View Full Version : New here and need help


Needsomehelp
11-21-07, 09:11 AM
Just wondering how can I tell if the lack of interest my wife shows me is her ADD or just not interested in me any more.

Matt S.
11-21-07, 09:16 AM
Welcome to ADDforums,

It is possible that it is most likely the ADHD.

There is one book that I have read and you might want to check it out to see if it is at your library, it is called "Answers to Distraction" it is like an FAQ about ADHD.

meadd823
11-24-07, 05:18 AM
Just wondering how can I tell if the lack of interest my wife shows me is her ADD or just not interested in me any more.



Expounding upon behaviors that you interpretate as "lack of interest" would be most helpful.

Needsomehelp
11-24-07, 10:28 AM
Well I guess that I should say that she had an affair over a year ago. We are in counceling but she doesn't really put forth any effort into trying to make our relationship better. She would never read any of the books that were recomended. She never will start a conversation even when she can tell something is bothering me. She just acts like nothing ever happened and there is nothing to work on.

QueensU_girl
11-24-07, 12:35 PM
There are a lot of blanks here to fill in!
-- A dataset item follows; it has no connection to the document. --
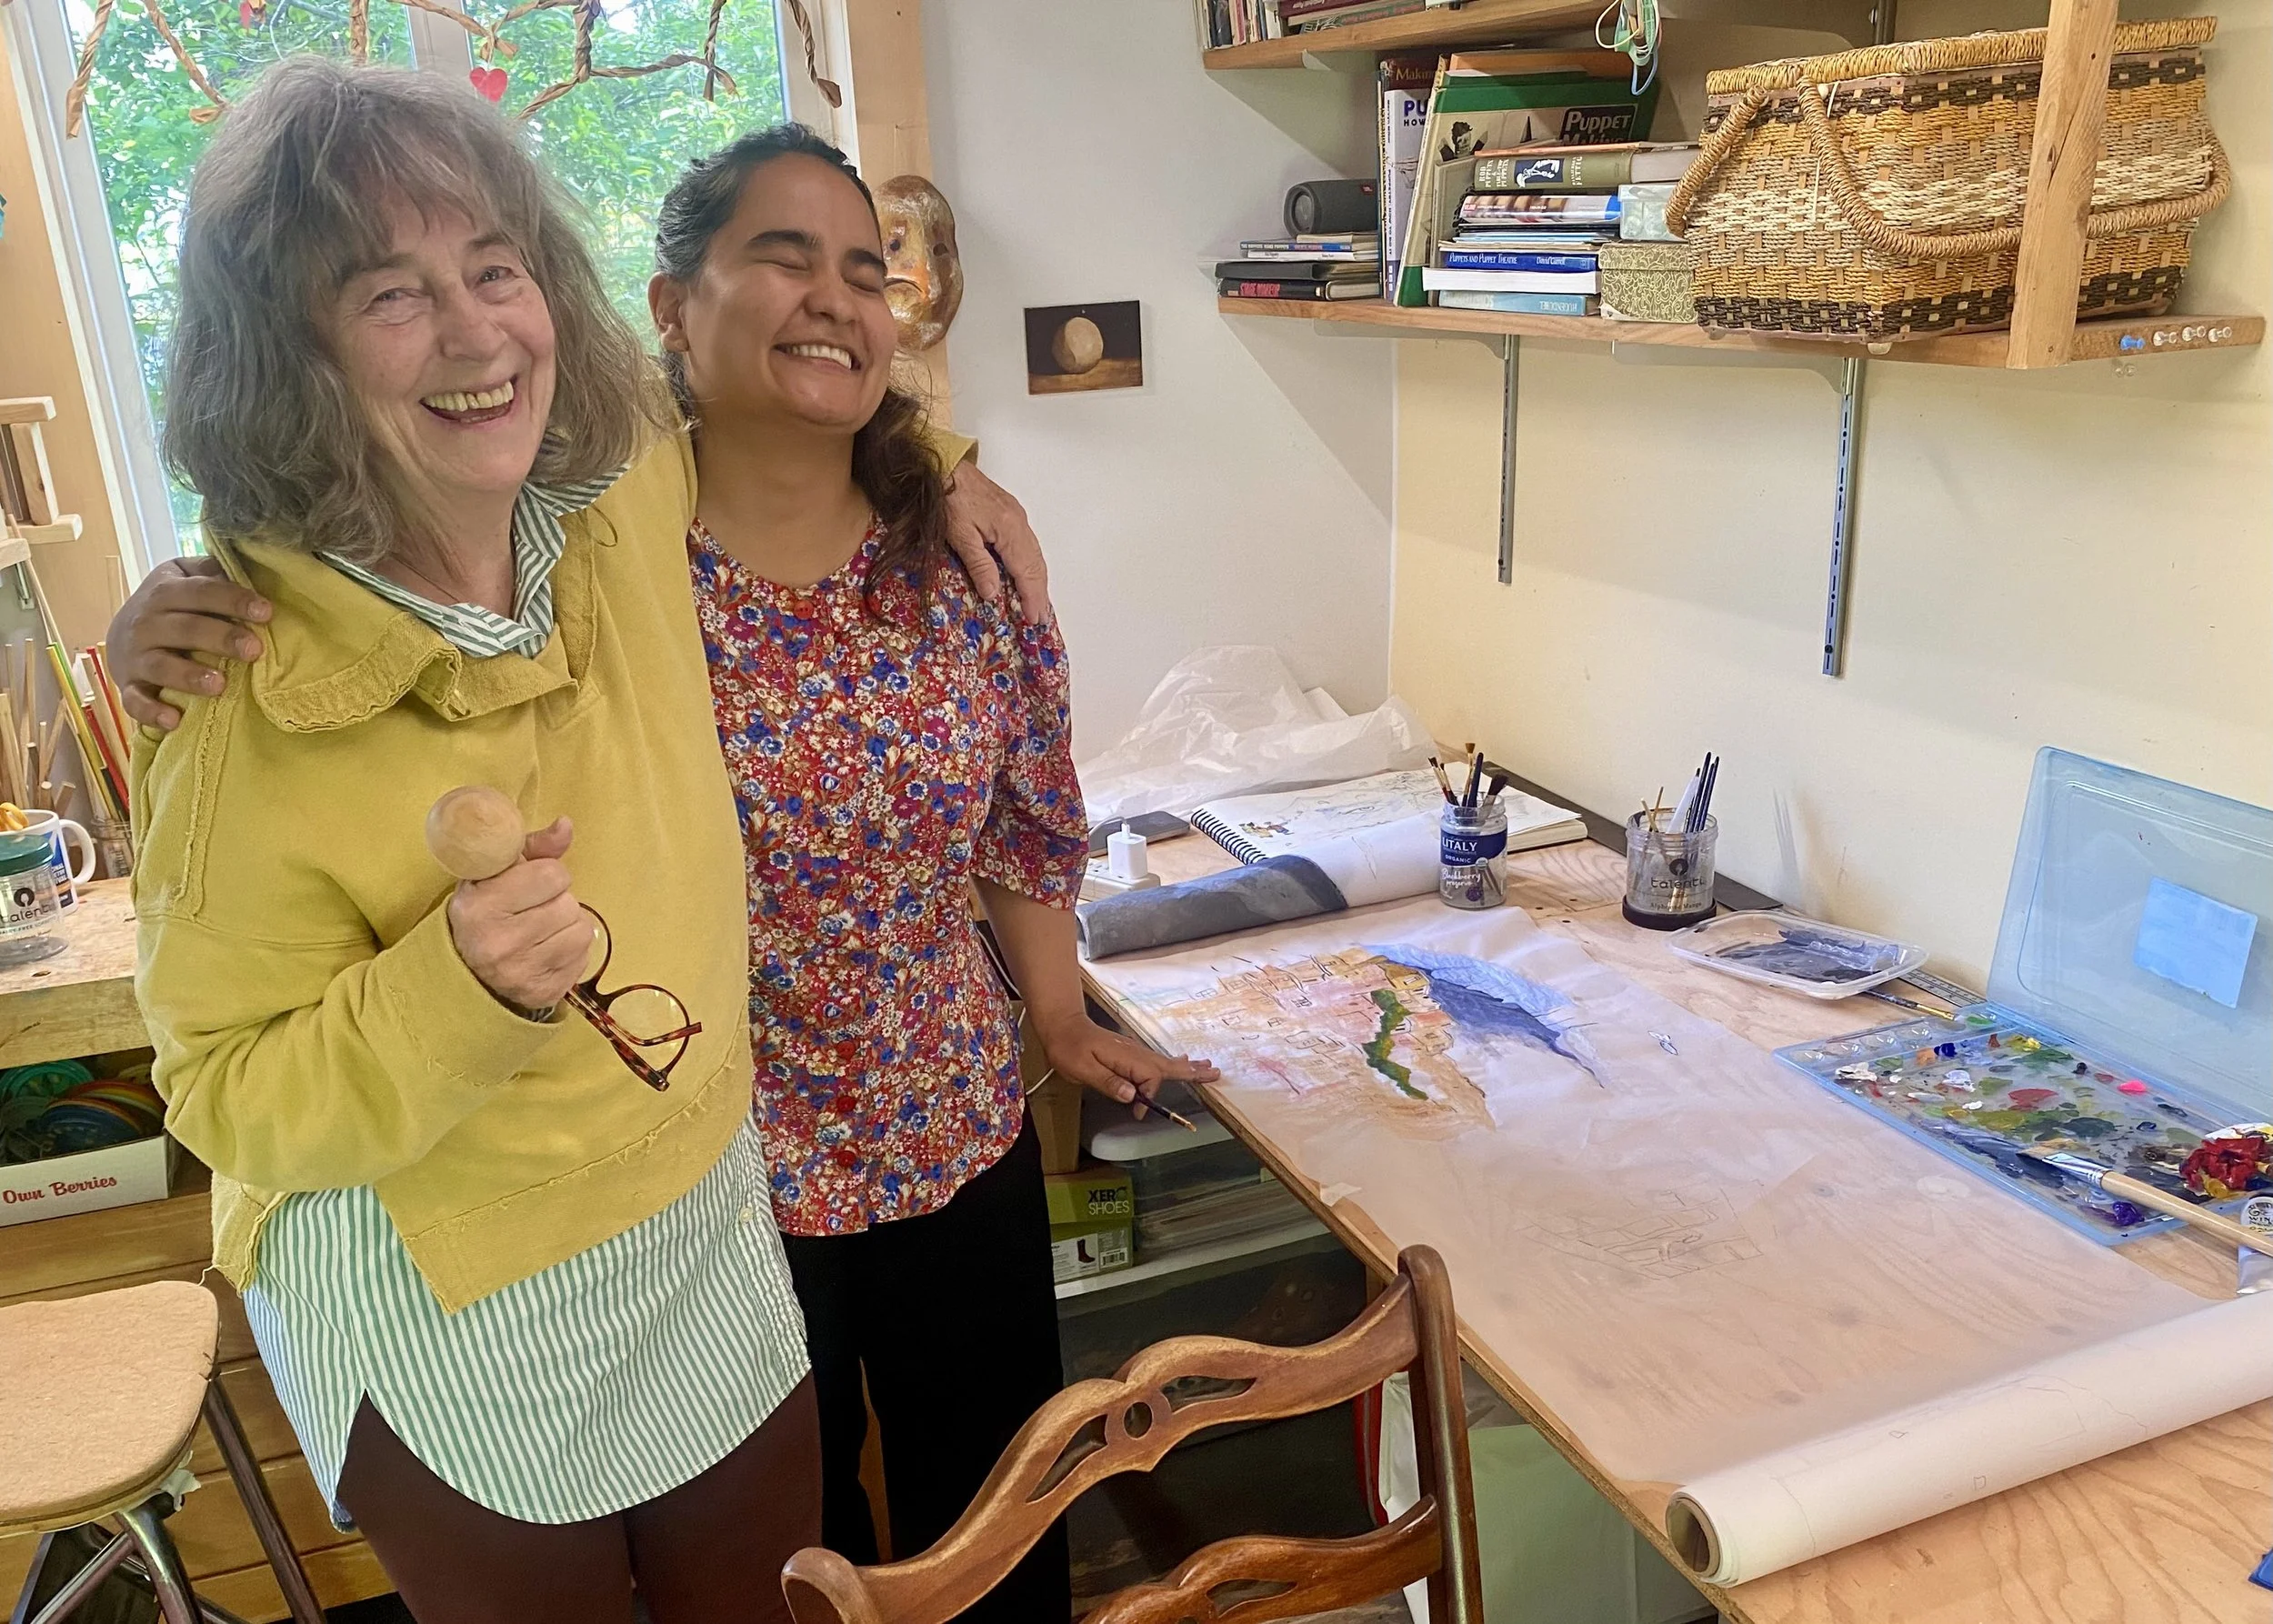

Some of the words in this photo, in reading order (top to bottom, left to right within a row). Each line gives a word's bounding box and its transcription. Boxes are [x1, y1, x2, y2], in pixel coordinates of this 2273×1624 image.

What did your Counsellor say?

zoom57
11-25-07, 01:06 AM
Only you can determine how much B.S. you are willing to take. Two people have to tango (interact), or YOUR light bulb will eventually come on. Screw counseling. Screw being nice. She wants a MAN! She wants you to take charge. Be an ***, don't be nice.
(It's chick logic, trust me dude, it works) May not be ADD but more along the lines of human nature. You want what you can't have, etc.

Either way- GOOD LUCK!

meadd823
11-25-07, 06:50 AM
Many times ADDer behaviors can not be judged based upon normal non-ADD behaviors. Being married to an ADHD man myself I must make these determinations based upon HIS normal behavior. an Example

She would never read any of the books that were recommended.

Does she read books period. If I determined weather or not Gary cared for me based up on weather or not he Read recommended books then I would conclude he doesn't care simply because Gary does not read books period. My husband has a disorder of the eye muscles that causes his eyes not to work together so reading is difficult for him. He actually reads a lot slower than do and I am dyslexic. {this is a huge clue} Between the eye muscle disorder and the inability to sit on one place for longer than five minutes reading any thing of length is impossible for him.

Based upon Gary's normal behavior a apart from his relationship with me not reading recommended books would be a poor indicator of his feeling for me .





She never will start a conversation even when she can tell something is bothering me

How do you know she can tell? If she doesn't react to it she may very well not know.ADDers often miss hints, clues {even obvious ones} body language, behavior changes facial expressions, some times out right bluntness. Gary loves me very much but if I want him to know some thing I have to tell him in a short sweet but very blunt manner {preferably in under ten words in a non accusing manner} , with the next step being repeat step one several times, Some occasions will still require the use of a two by four.

My husband is more hyperactive then I am and I am pretty severely ADHD. His ADD is three times more impairing, he works for his self because he is too ADD to function in a regular working environment even with modifications and accommodations.


I have been explaining to him how his ADD effects his life for four years - FOUR YEARS - for the first time tonight he finally admitted he probably does have ADHD! . . . . . . . . . . . . :faint:


Does she start conversations with other people.

Have you asked her flat out -have you asked her if she sees problems in your relationship - please do note this only works if the question is followed by listening with out trying to interject your perspective. {Gary has a hard time with the last part - he want to tell me why I am wrong - I normally quit talking or tell him to STFU}






It's chick logic, trust me dude, it works

Seeing that I am female according to my birth certificate I think I am qualified to say this "chick logic" is utter horse hockey.





She wants a MAN! She wants you to take charge. Be an ***, don't be nice.


The LAST THING I want in my life is some over controlling man trying to dictate to me what I can and can not do. Gary tried that garbage when we first got together I snapped him back into reality so hard he thought he was in Jr. high all over again.

I want a man who takes responsibility for his own actions, attitudes, words, finances, and behaviors while being man enough to allow me to do the same . . . I am grown and will be treated as such by any and all who want to be a part of my life - period {this is a non-negotiable personal boundary.}

zoom57
11-25-07, 07:25 AM
I could write a novel on this theory. The bigger jerk I am, the better it works out. I sincerely believe that women need to be put in their place. Dominant / Submissive thing.

I wish it wasn't that way either. However, it is a human nature thing. Everytime you are "nice" to a chick, you send the wrong signals. Someone has to be running things. When females perceive a guy as too easy or too friendly, women view the man as WEAK and soon to be in the friend category. Being an ******* just works.